I have been trying to be positive. Positive when I think about Laurel. Positive when I think about my Dad. Hugely positive when I think about Hannah, Zoe and Lucy. Positive when I talk about them. Positive when I leave posts on Alex’s Facebook page. Just positive.

And today, I just can’t do it anymore. I’m angry that my friend is gone. I’m angry that we had to bury children. I’m angry that my children will only have distant memories of their Papa. I am angry that all of these things I want to do in Laurel’s honor, I need her help to do. And I miss them all so much I can’t breathe. And that literally sucks the wind out of my positive sails.

I want so badly to do something. Anything to make this feel different. To take away the just a little bit of the incredible pain that is lingering just underneath the surface. To make me feel like this was all worth it somehow. That something good will come out of this loss. And so I’ve been searching for something, some way to make all of this make sense. But it doesn’t, of course. It will never make sense that such an amazing woman died so early and that her beautiful daughters went with her. It will never make sense that a disease devoured my Dad from the inside out. None of it will ever make sense.

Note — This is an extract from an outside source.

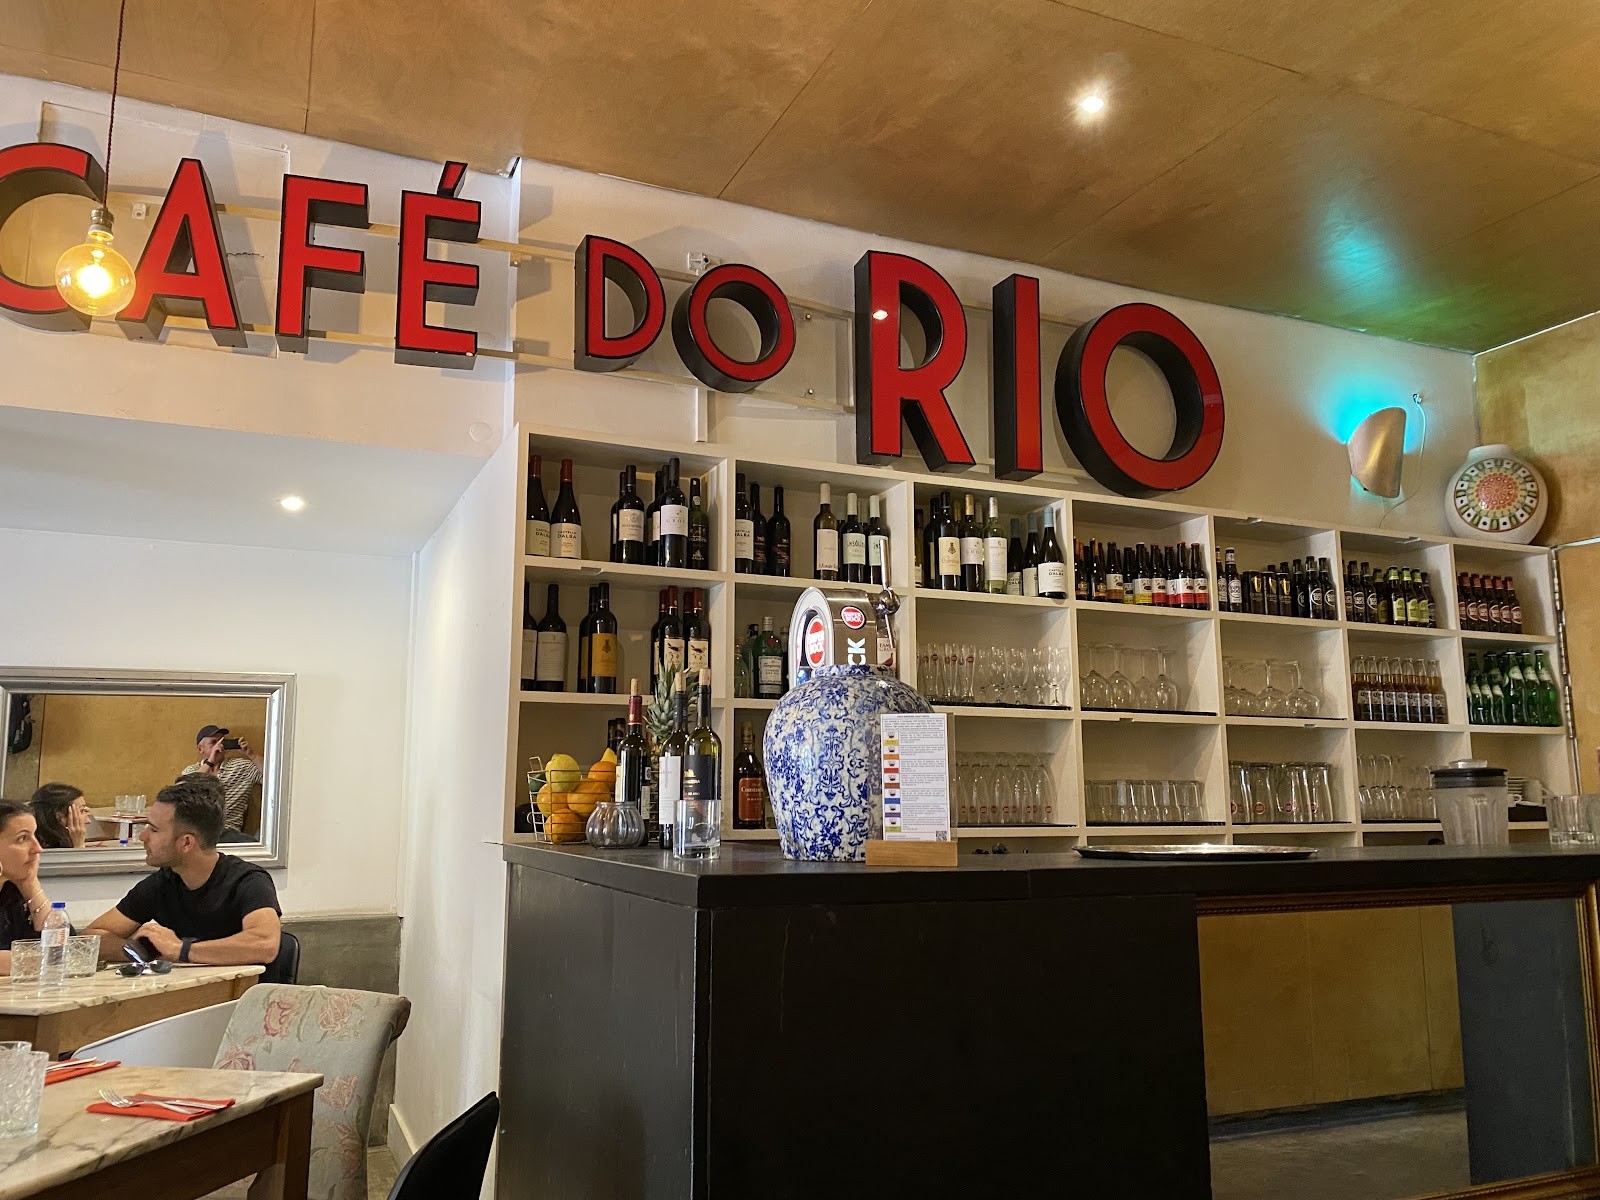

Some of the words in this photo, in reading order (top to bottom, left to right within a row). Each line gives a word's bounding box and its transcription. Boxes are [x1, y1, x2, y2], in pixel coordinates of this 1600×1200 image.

This is what I’ve been wrestling with today. This need for meaning mixed in with the anger, disappointment and deep grief at knowing that there is none. Not for now, at least. And maybe not ever. Probably not ever. The chances are greater than not that I will never know why Laurel and the girls were taken, so suddenly and so violently. And even though I have much greater peace around the loss of my Dad, I will probably never understand that loss either.

But none of this wisdom or knowledge even begins to come to close to filling this sucking hole in my heart and soul. And now I’m back to the anger. And now I’m pissed at how cyclical it all is. Awesome.